Useful warning http://gamedev.stackexchange.com/a/130584/41980

Pretty much replaces CS-Script for Unity

Steps I took to make this work

  1. Download official Mono release.
  2. Delete everything that is not needed for MCS, download externals that are needed by MCS.
  3. Find a way to run jay (the parser generator), mostly from looking at the code of it and or the Makefiles
  4. Jay parser generator was compiled and then ran using the mcs/jay/#_GENERATE_PARSER_FROM_cs-parser.jay.bat
  5. Once jay is used, the cs-parser.jay is transformed into parser file called cs-parser.cs
  6. cs-parser.cs is the core of the mcs.
  7. In order to compile the mcs for dynamic runtime compilation you need to adjust the compilation symbols:
    1. Remove STATIC
    2. Add BOOTSTRAP_BASIC
    3. Change NET_X_X to NET_2_1 (we need older NET because we want to use this mcs inside Unity3D)
  8. Change all internal classes to public, so they can be used outside of the dll, in modified driver (driver = main class of mcs).
  9. Compile mcs.dll with .NET subset for Unity provided by Microsoft Visual Tools for Unity.
  10. Take the original driver and modify it to implement ICodeCompiler interface.

This way mcs.dll is compiled for dynamic compilation thus it uses System.Reflection.Emit as it parses the code. That means it is only compatible with platforms where emiting is available on.

Dynamic compilation means your code is compiled into System.Reflection.Emit.AssemblyBuilder.

If compilation takes long time everytime you start your game, you could technically save compiled dynamic assembly into dll file with System.Reflection.Emit.AssemblyBuilder.Save(string filePath) and on the next run load it with System.Reflection.Assembly.LoadFrom(string assemblyFile).

Latest MCS uses expression trees for dynamic compilation instead of dynamic assembly, thus latest MCS with dynamic compilation won't work with Unity.
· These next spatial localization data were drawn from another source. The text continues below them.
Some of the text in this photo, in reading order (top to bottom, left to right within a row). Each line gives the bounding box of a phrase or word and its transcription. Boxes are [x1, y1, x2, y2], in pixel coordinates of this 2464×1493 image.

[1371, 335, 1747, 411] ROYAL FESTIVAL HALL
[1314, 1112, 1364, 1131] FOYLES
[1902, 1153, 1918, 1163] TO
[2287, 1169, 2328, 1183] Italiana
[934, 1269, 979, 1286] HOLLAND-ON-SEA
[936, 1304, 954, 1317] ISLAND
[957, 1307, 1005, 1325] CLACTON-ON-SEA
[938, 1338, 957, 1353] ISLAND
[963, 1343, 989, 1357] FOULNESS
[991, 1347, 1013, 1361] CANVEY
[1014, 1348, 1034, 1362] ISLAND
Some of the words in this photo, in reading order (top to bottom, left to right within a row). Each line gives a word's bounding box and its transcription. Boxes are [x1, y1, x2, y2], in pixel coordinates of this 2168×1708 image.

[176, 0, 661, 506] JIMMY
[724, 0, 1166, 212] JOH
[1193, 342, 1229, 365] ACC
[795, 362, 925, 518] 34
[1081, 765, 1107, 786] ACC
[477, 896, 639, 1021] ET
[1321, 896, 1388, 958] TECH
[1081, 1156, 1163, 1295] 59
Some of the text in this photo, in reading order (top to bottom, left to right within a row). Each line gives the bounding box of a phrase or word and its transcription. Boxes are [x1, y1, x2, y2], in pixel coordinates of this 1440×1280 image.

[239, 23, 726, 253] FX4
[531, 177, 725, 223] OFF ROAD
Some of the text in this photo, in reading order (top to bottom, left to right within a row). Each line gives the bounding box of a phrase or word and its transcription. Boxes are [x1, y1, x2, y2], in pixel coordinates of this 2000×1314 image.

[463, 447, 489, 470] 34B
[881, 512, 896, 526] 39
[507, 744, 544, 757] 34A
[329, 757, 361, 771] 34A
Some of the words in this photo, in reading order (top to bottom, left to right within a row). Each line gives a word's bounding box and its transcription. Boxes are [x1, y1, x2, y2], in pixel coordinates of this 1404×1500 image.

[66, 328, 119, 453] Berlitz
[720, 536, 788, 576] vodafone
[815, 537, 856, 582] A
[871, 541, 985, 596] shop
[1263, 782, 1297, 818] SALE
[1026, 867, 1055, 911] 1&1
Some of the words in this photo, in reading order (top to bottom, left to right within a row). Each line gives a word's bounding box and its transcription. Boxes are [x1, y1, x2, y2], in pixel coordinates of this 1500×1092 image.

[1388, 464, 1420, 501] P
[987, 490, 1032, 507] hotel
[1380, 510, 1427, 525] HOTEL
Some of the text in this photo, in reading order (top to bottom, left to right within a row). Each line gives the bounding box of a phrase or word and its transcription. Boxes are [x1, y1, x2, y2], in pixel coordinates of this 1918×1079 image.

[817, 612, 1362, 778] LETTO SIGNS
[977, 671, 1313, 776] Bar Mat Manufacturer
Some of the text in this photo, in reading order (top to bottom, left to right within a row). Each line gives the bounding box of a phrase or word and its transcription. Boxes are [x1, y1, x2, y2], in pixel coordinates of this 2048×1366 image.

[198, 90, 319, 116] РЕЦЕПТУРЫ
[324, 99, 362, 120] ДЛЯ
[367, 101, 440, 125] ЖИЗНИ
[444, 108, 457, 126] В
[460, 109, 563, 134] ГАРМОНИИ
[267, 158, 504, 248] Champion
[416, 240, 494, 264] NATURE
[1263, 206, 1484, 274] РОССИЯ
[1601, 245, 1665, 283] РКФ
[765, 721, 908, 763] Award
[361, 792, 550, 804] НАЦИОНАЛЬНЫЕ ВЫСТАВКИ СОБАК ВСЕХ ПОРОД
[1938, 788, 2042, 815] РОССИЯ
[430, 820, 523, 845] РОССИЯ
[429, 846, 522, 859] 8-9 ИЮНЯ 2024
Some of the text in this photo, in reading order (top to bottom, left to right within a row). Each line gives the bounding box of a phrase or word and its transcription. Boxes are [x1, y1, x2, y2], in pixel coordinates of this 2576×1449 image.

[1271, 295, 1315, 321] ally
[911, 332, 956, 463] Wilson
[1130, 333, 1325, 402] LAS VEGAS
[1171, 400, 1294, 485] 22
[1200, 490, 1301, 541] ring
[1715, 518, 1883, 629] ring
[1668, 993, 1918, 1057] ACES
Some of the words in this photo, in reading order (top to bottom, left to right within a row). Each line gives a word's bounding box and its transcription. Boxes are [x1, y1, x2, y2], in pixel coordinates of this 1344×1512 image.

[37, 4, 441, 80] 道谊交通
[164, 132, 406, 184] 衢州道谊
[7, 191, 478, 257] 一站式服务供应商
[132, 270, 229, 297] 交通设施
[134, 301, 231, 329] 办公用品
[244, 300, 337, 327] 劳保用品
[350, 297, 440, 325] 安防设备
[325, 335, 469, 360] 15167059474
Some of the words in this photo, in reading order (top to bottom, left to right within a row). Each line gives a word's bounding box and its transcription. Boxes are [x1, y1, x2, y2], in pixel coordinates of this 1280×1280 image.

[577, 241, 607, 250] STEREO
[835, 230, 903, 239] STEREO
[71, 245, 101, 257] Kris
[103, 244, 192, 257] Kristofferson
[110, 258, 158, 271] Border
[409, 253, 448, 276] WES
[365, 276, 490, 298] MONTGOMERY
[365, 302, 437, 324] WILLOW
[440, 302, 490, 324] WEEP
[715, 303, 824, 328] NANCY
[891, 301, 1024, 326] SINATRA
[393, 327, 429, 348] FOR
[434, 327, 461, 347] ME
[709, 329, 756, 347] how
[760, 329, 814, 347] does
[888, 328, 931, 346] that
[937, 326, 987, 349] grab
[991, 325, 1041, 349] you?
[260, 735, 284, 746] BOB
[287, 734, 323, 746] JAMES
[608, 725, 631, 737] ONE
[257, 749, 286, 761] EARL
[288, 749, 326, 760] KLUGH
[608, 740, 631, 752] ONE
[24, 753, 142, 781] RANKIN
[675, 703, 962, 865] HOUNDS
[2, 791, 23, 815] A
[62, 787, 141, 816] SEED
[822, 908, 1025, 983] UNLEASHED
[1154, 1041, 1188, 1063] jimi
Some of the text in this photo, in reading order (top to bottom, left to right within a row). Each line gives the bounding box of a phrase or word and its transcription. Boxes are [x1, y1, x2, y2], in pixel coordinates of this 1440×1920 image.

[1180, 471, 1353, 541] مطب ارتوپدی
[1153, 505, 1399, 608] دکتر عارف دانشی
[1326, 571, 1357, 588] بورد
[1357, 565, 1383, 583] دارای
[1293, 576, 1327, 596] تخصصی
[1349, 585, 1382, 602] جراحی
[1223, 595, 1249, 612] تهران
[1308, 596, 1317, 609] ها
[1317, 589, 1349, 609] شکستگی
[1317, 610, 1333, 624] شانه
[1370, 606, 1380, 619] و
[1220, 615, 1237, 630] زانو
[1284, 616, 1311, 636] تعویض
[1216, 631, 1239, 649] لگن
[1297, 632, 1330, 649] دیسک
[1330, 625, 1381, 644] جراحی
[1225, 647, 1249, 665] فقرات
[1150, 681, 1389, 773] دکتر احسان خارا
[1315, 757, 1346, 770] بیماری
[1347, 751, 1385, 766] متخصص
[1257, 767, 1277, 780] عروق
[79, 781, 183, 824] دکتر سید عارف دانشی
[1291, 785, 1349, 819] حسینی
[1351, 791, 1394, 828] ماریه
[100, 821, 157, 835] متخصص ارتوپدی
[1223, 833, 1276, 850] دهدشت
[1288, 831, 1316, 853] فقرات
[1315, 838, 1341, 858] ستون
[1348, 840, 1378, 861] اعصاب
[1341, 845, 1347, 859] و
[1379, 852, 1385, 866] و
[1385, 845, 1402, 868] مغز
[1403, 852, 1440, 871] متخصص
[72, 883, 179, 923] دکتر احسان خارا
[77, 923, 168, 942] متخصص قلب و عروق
Theoretically you don't need to implement ICodeCompiler at all, MCS out of the does expose Mono.CSharp.Evaluator class. You however have less control over the output if you compile your code this way.

Why am I releasing this here

  • I had this laying around.
  • I see others doing ugly workarounds.
  • I never properly tested it.

Future work

You can limit the permissions of assemblies by loading them into your own sandboxed AppDomain. This is what Space Engineers and other games do. It would be nice if this project contained an easy to use classes to do this.